Comment l’Europe financera-t-elle les sommes colossales nécessaires à la transition énergétique, aux infrastructures numériques et à la défense ? Malgré un important réservoir d’économies de 33 000 milliards d’euros, l’Europe est confrontée à un problème de plomberie. Ses marchés de capitaux sont sous-développés, tandis que son secteur bancaire n’est pas suffisamment dimensionné pour répondre aux demandes croissantes de dépenses d’investissement. Pour résoudre les problèmes d’investissement, des marchés de capitaux plus profonds sont nécessaires.

Les besoins sont énormes : la Commission européenne estime que la transition écologique nécessitera 620 milliards d’euros supplémentaires par an d’ici 2030, auxquels s’ajouteront 125 milliards d’euros nécessaires à la transformation numérique. De plus, l’invasion de l’Ukraine par Vladimir Poutine et la perspective d’une seconde présidence de Donald Trump aux États-Unis accentuent les besoins en dépenses militaires.

Pourtant, malgré les multiples coups de pouce de la Banque centrale européenne, la croissance des prêts aux entreprises de la région depuis 2014 est inférieure de moitié à celle des États-Unis. L’écart de performance économique entre les deux pays préoccupe depuis longtemps les décideurs politiques européens. Un fossé qui se creuse de plus en plus rend cette angoisse encore plus aiguë.

« Nous devons mobiliser l’épargne privée à une échelle sans précédent, et bien au-delà de ce que le système bancaire peut fournir », a déclaré l’ancien Premier ministre italien et président de la BCE Mario Draghi avant la publication de son prochain rapport sur le renforcement de la compétitivité de l’Europe.

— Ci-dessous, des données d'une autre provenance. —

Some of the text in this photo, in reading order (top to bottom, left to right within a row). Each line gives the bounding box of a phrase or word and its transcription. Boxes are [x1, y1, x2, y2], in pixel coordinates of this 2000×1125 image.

Malgré quelques progrès, il subsiste un écart considérable entre l’Europe et les États-Unis en termes de capital-risque par rapport au PIB. Les entreprises européennes disposent de moins d’options de financement pour les aider à investir et à se développer.

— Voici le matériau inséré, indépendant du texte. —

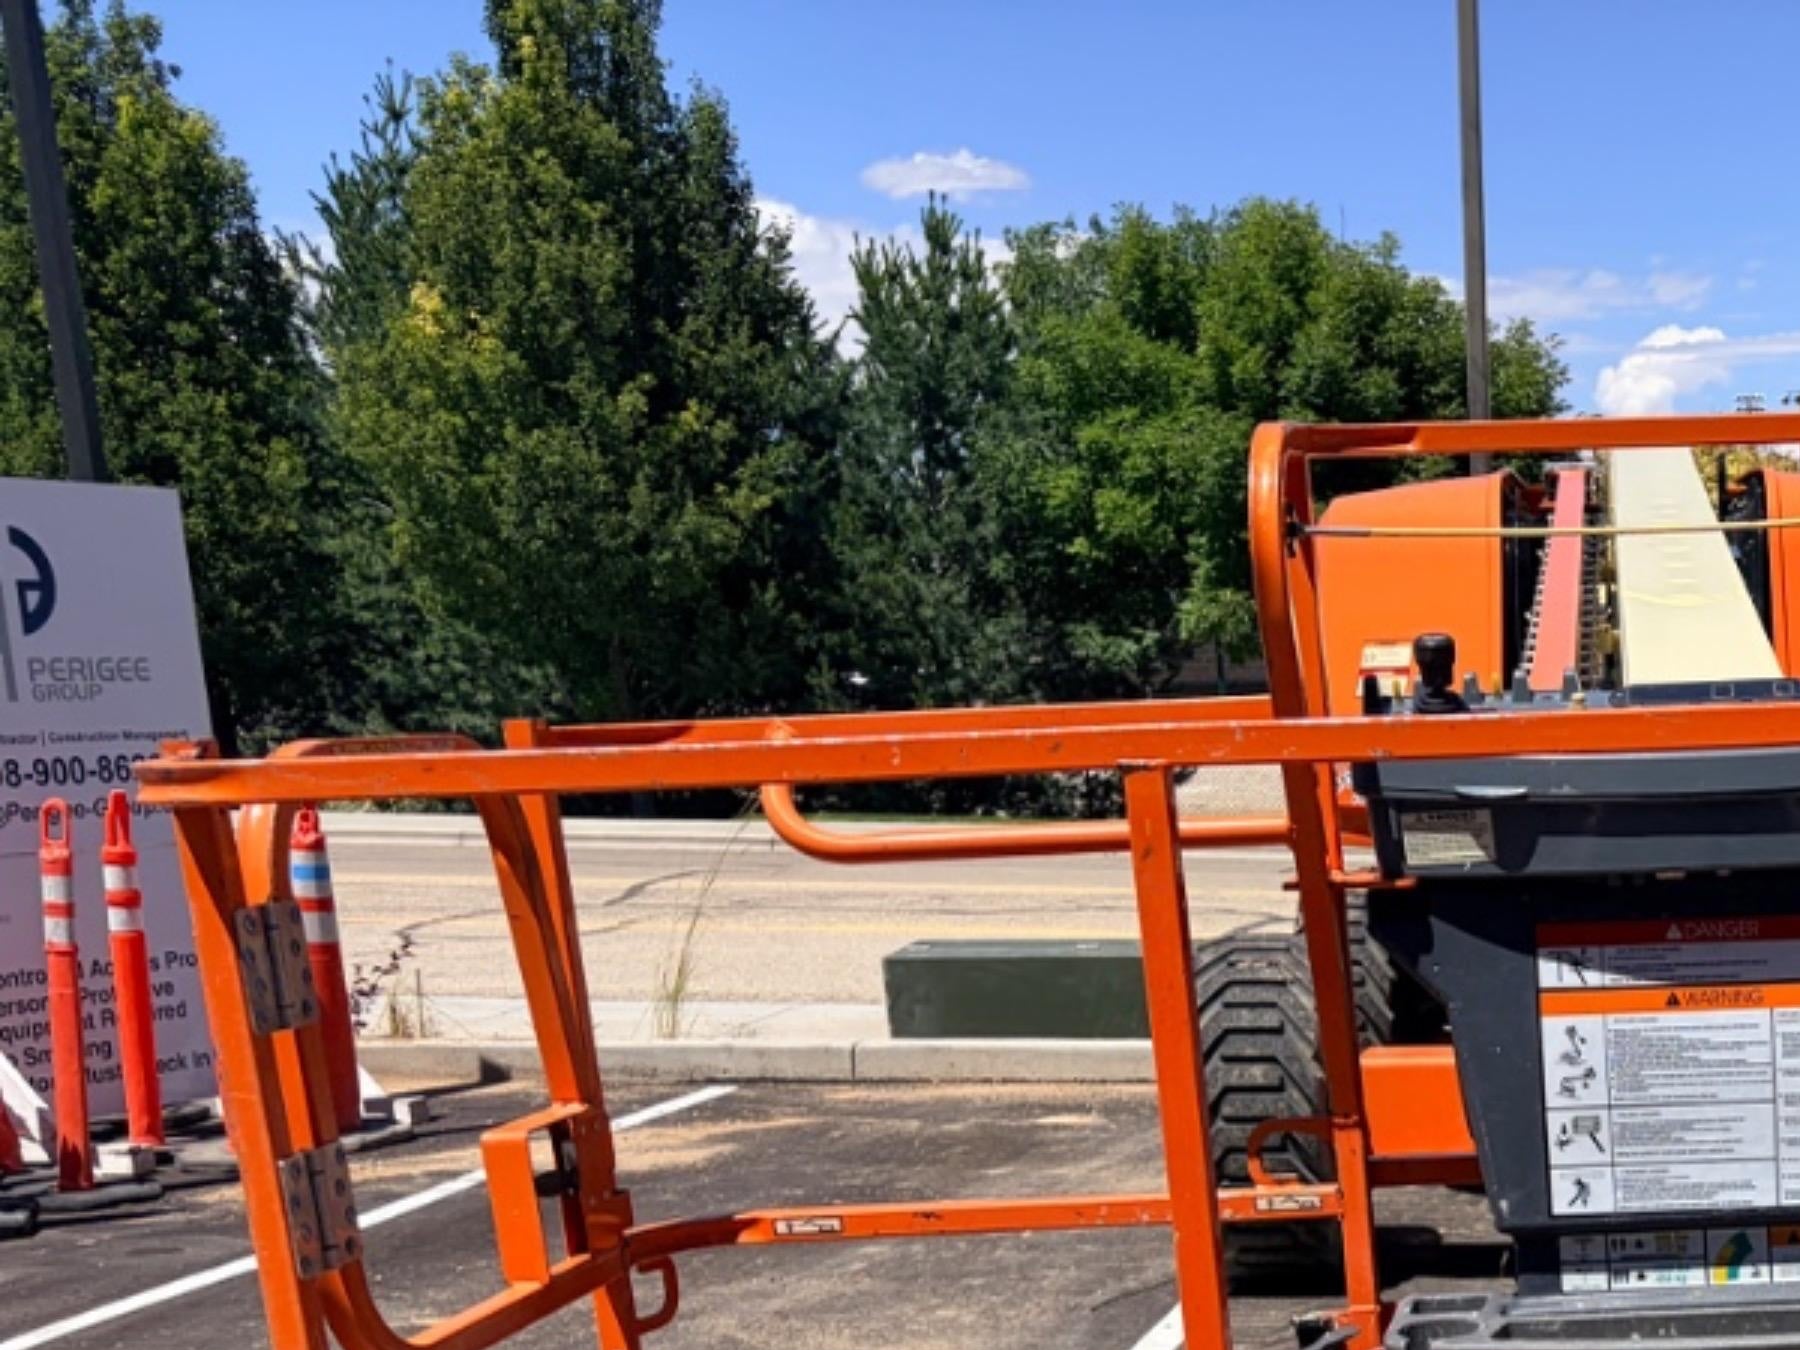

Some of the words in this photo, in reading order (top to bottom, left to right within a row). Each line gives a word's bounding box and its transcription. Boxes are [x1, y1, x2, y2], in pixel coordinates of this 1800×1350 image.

[27, 656, 152, 682] PERIGEE
[32, 683, 103, 702] GROUP
[0, 752, 160, 789] 8-900-86
[1683, 919, 1760, 938] DANGER
[1682, 989, 1764, 1008] WARNING

Les voix se font de plus en plus nombreuses pour demander que soit dépoussiéré le projet inachevé d’union des marchés de capitaux, mené par la présidente de la BCE, Christine Lagarde. Les récents rapports de poids de l’ancien Premier ministre italien Enrico Letta et de l’ancien gouverneur de la banque centrale française Christian Noyer plaident également en ce sens.

Mais l’idée d’un marché unique des capitaux en Europe est au point mort depuis une décennie. Les idées les plus audacieuses sont souvent vouées à l’échec.

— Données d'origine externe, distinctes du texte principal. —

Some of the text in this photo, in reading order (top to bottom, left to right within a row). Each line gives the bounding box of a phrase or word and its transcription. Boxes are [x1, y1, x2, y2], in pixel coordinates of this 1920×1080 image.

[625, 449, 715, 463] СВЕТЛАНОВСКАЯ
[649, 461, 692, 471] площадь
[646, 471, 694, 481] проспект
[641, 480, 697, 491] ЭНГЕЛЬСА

Les récentes élections européennes risquent de compliquer encore les choses. Il est donc peut-être temps de changer de tactique. Pour éliminer les blocages systémiques, les architectes politiques devraient s’associer à des plombiers financiers, en particulier du secteur privé.

Il faut commencer par revitaliser la titrisation, afin de permettre aux assureurs et aux fonds de pension de soutenir la croissance européenne. La titrisation permet aux banques de transférer des actifs aux investisseurs, libérant ainsi leur propre capacité de prêt. Cela est particulièrement important dans la mesure où les banques fournissent la majorité des crédits aux petites et moyennes entreprises européennes, qui représentent près des deux tiers des emplois.

Les règles édictées en réponse à la crise financière ont sévèrement pénalisé les titrisations, et le marché européen de ces opérations ne s’en est jamais vraiment remis. Conséquence inattendue, les banques ont eu recours à des transferts de risques synthétiques complexes, que seules les plus grandes peuvent effectuer, ce qui freine les banques régionales.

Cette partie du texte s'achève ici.